Hoffnung darauf, dass in Kürze ein Impfstoff oder gar ein Medikament gegen das Coronavirus zur Verfügung steht, hatvSchröer kaum. „Es wird doch erst seit drei Monaten daran geforscht.“ Viren seien komplexe Lebewesen. Ihre Eigenschaften zu erkennen, erfordere jahrzehntelange Forschung. Die nötige Grundlagenforschung habe in Deutschland bislang keine Priorität gehabt. Wie bei der Strahlentherapie komme es bei einem Medikament darauf an, punktgenau zu wirken. Sonst werde auch gesundes Gewebe unnötig in Mitleidenschaft gezogen.
Da will sich Manfred Flore lieber auf die heutigen Schutzmaßnahmen verlassen. „In Asien ist es schon immer selbstverständlich, dass man eine Schutzmaske trägt, wenn man erkältet ist“.
Über Adeno- und Herpesviren geforscht
Jörg Schröer (53) hat nach einer Ausbildung zum Chemisch-Technischen Assistenten auf dem zweiten Bildungsweg das Abitur gemacht. An der Universität zu Köln studierte er danach Biologie. Sowohl in seiner Diplomarbeit als auch später in seiner Doktorarbeit hat er sich mit Adenoviren beschäftigt.
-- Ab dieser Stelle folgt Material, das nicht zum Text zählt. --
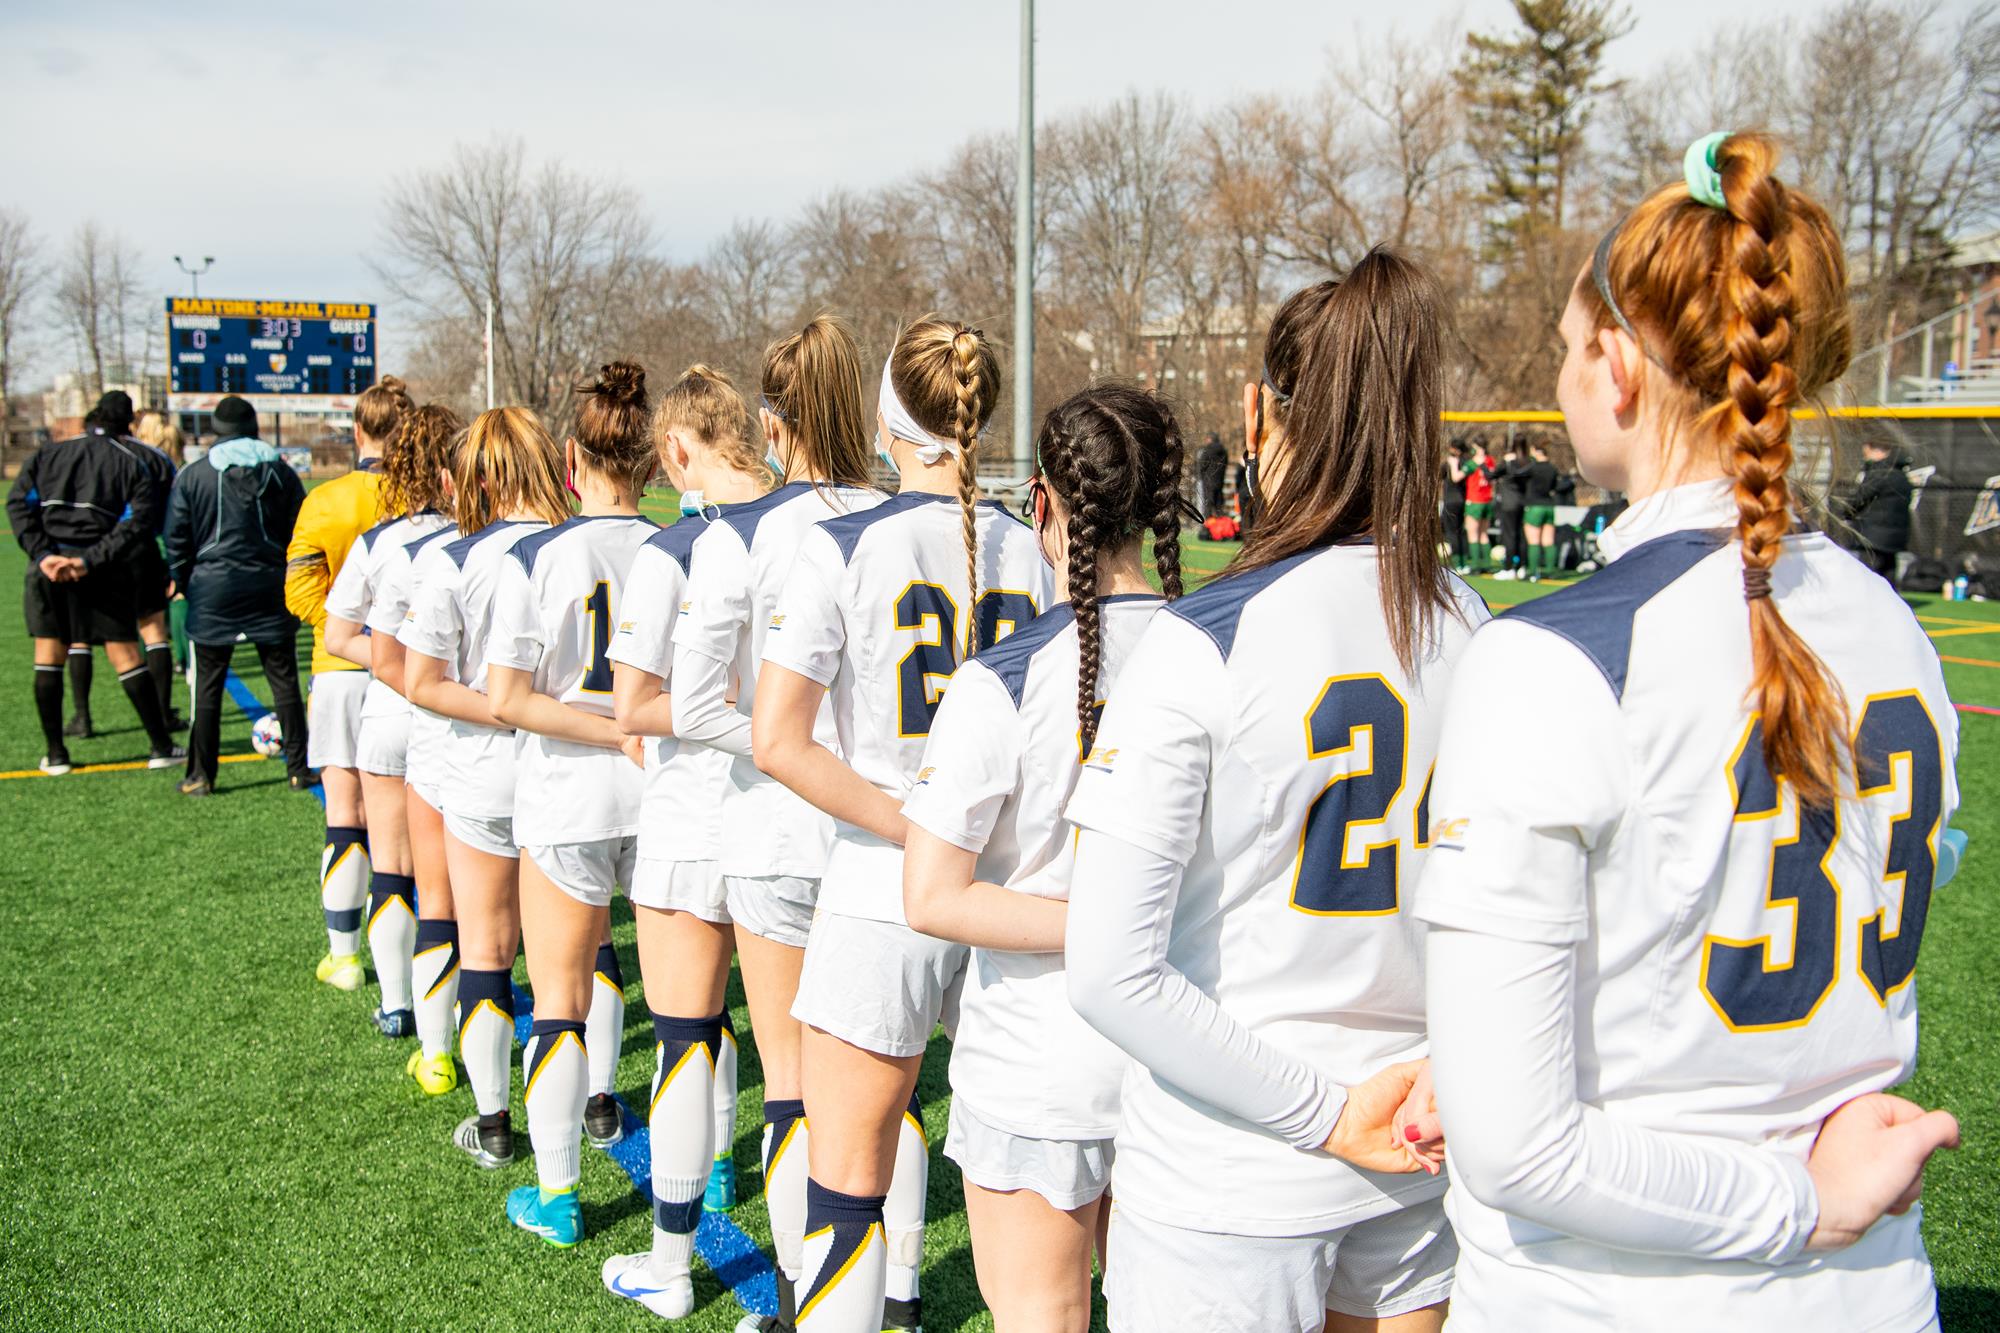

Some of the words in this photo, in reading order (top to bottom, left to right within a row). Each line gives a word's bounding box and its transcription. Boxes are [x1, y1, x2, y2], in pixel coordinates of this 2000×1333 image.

Diese Familie von Viren wird für Erkrankungen der Atemwege, aber auch für Entzündungen von Magen und Darm, Bindehaut, Blase, Nasenschleimhaut und Rachen verantwortlich gemacht.
Von 2000 bis 2007 lehrte und forschte er an der Princeton University in den USA am Lehrstuhl eines führenden Experten für Herpesviren, anschließend am Universitätsklinikum in Regensburg.
2010 zog er sich aus dem Berufsleben zurück und widmete sich der Erziehung seines Sohnes, damit seine Frau, eine Chemikerin, wieder voll berufstätig werden konnte.